Table Partitioning the way to go? [DB2]

Prev: Official Hollywood NetBook ™ Financial Professionals
Next: Insert slow in DPF environment.

From: shorti on 2 Jul 2010 13:22

I am working on a new database and am trying to determine how best to
set up a specific table (or set of tables). I did some research on
table level partitioning and was thinking this might be the way to go,
however, I am not entirely convinced and wanted to see if there was a
better solution. Here are the circumstances:

This will be set up on Linux using DB2 V9.7. There is a possibility
that HADR might be used. This particular table could contain 10's of
millions of records. The records could actually be split up into
groups to help split the table up and allow better performance for
searches. Each group could own up to 2 million records each. The
groups would not be time related...in other words, this is not a set
of daily or monthly data that would expire. Each group could start
out small and grow to the 2 million max. Each group could stay around
for an infinite amount of time (typical) or the entire group could be
removed or dropped (not so typical). Groups could also become
combined. A new group could be added at any time or removed at any
time. There will also be a high level of transactions to all the
groups so separating them may help performance. There could be a
large number of groups, however, I expect the typical number would be
around 24. It is expected that inserts will come in bulk to a group.
Also, there will be bulk updates to records within a group. Other
than potentially merging two groups, transactions to multiple groups
would not be common.

In saying all that, the objective is to be a high performance database
by reducing search times.
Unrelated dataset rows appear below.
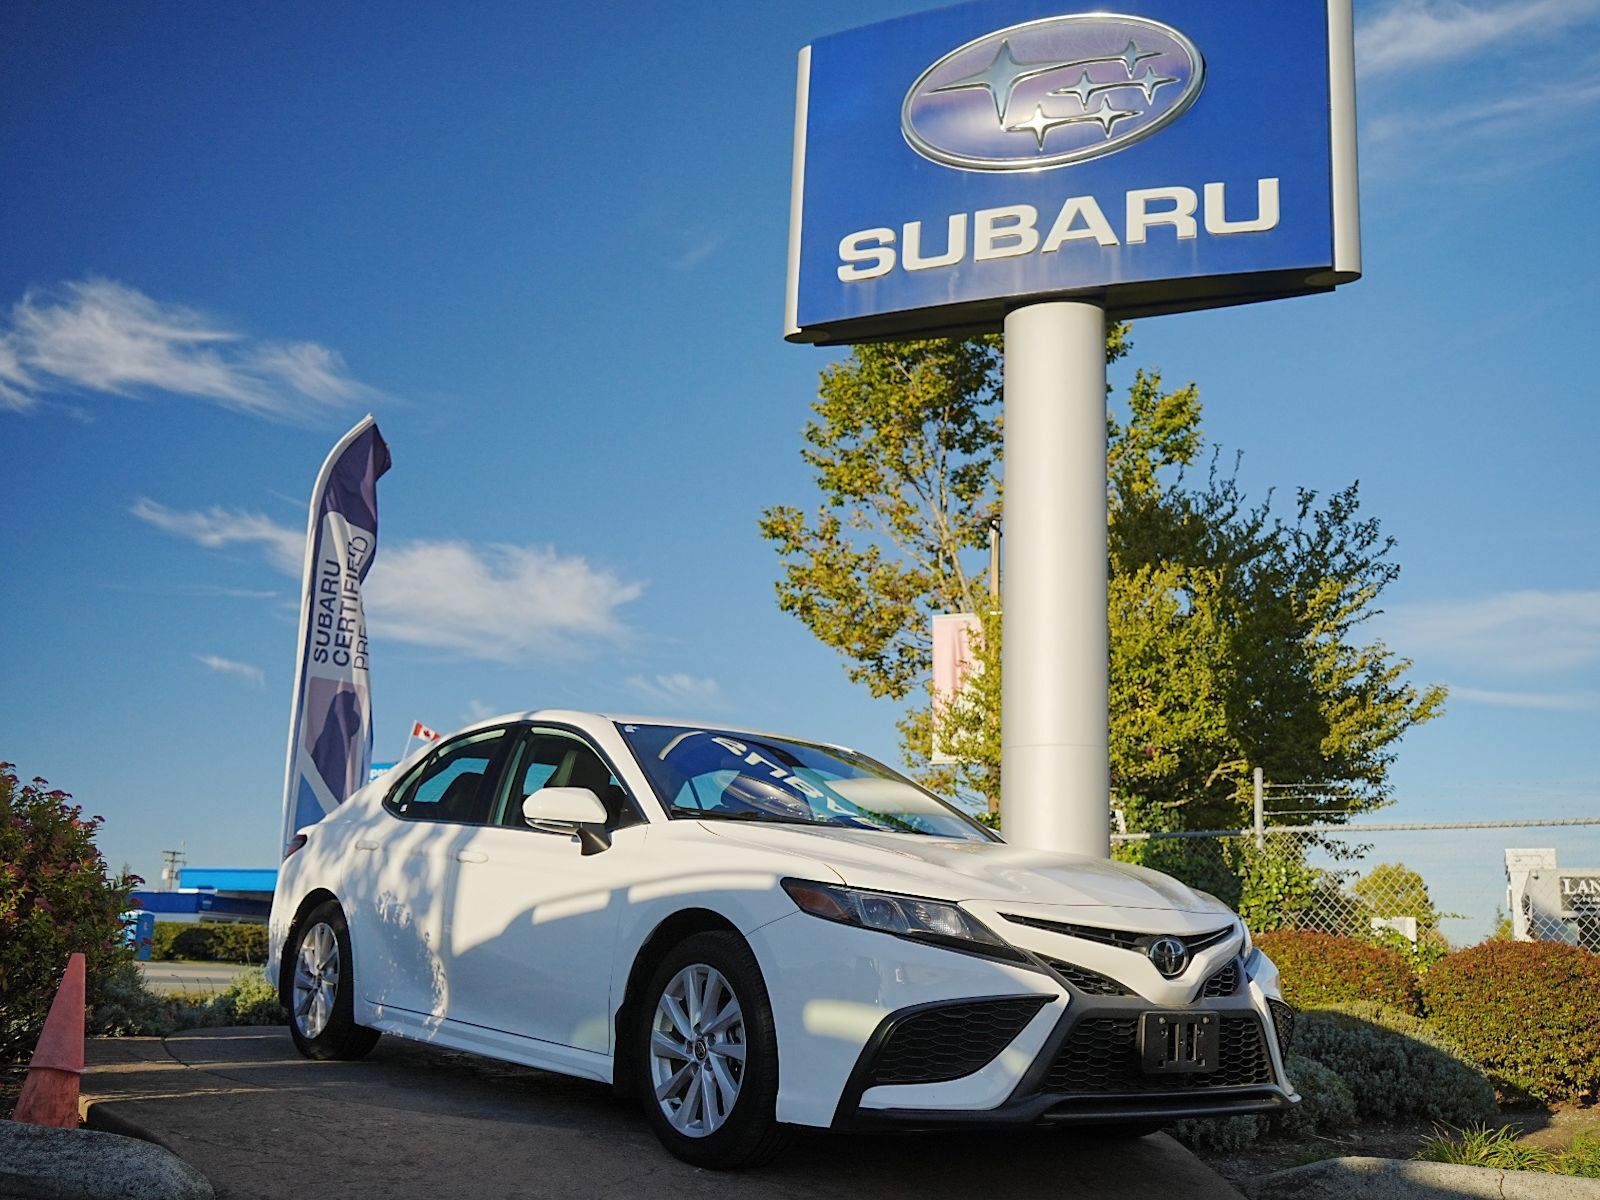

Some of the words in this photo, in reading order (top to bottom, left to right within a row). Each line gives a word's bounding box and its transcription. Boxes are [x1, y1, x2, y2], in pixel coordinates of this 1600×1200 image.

[837, 178, 1280, 283] SUBARU
[313, 559, 342, 665] SUBARU
[332, 536, 368, 667] CERTIFIED
[353, 602, 369, 671] PRE
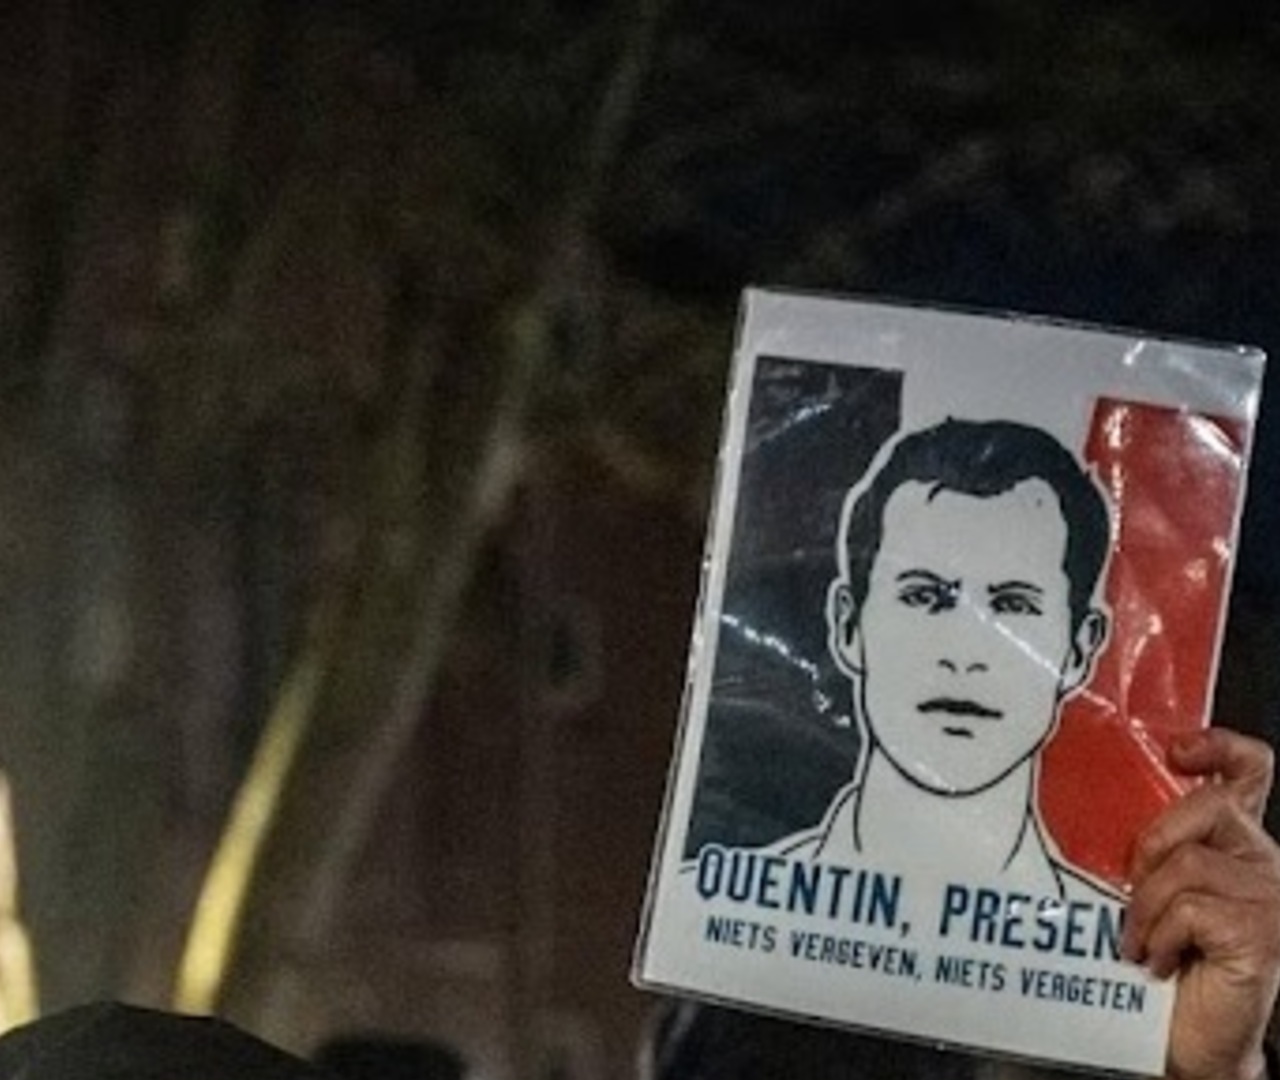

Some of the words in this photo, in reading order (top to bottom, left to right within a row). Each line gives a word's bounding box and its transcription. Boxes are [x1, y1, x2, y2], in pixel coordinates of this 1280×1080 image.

[696, 846, 911, 938] QUENTIN,
[938, 884, 1126, 961] PRESEN
[705, 915, 778, 953] NIETS
[790, 929, 923, 984] VERGEVEN,
[934, 955, 1006, 992] NIETS
[1020, 967, 1147, 1013] VERGETEN
Table partitioning seems to allow the
ability to separate common data into these groups for faster searches
and with the ability to separate bufferpools and indexing. The one
thing that bothers me is it seem table partitioning is used mainly for
time related data were the tables are separated by a 24 hour day and
possibly later merged to form a month then archived or removed
entirely. In my application, removing and merging partitions will not
be so common. Also, I am not sure how to tell DB2 where to store the
data (which partition) other than to say "Group1" or "Group2" since it
is not time related I cannot say put data in that group that is for
May 2010. Is this a problem...maybe I am just not seeing yet how to
set the groups up.

Are there any other suggestions?

From: Serge Rielau on 3 Jul 2010 08:53

On 7/2/2010 1:22 PM, shorti wrote:
> I am working on a new database and am trying to determine how best to
> set up a specific table (or set of tables). I did some research on
> table level partitioning and was thinking this might be the way to go,
> however, I am not entirely convinced and wanted to see if there was a
> better solution. Here are the circumstances:
>
> This will be set up on Linux using DB2 V9.7. There is a possibility
> that HADR might be used. This particular table could contain 10's of
> millions of records. The records could actually be split up into
> groups to help split the table up and allow better performance for
> searches. Each group could own up to 2 million records each. The
> groups would not be time related...in other words, this is not a set
> of daily or monthly data that would expire. Each group could start
> out small and grow to the 2 million max. Each group could stay around
> for an infinite amount of time (typical) or the entire group could be
> removed or dropped (not so typical). Groups could also become
> combined. A new group could be added at any time or removed at any
> time. There will also be a high level of transactions to all the
> groups so separating them may help performance. There could be a
> large number of groups, however, I expect the typical number would be
> around 24. It is expected that inserts will come in bulk to a group.
> Also, there will be bulk updates to records within a group. Other
> than potentially merging two groups, transactions to multiple groups
> would not be common.
>
> In saying all that, the objective is to be a high performance database
> by reducing search times. Table partitioning seems to allow the
> ability to separate common data into these groups for faster searches
> and with the ability to separate bufferpools and indexing. The one
> thing that bothers me is it seem table partitioning is used mainly for
> time related data were the tables are separated by a 24 hour day and
> possibly later merged to form a month then archived or removed
> entirely. In my application, removing and merging partitions will not
> be so common. Also, I am not sure how to tell DB2 where to store the
> data (which partition) other than to say "Group1" or "Group2" since it
> is not time related I cannot say put data in that group that is for
> May 2010. Is this a problem...maybe I am just not seeing yet how to
> set the groups up.
>
> Are there any other suggestions?
>
You may also look at multi-dimentional clustering (MDC).
In our case the dimension would likely be one.
Unliek range partitioning MDC is self maintaining.
That is a new "group" is added when the first row for it is added.
A group disappears when the last row disappears.
Delete's are sped up compared to regular deletes and they take less
logging (one log record per page).
You will get speed up similar to range partitioning for queries.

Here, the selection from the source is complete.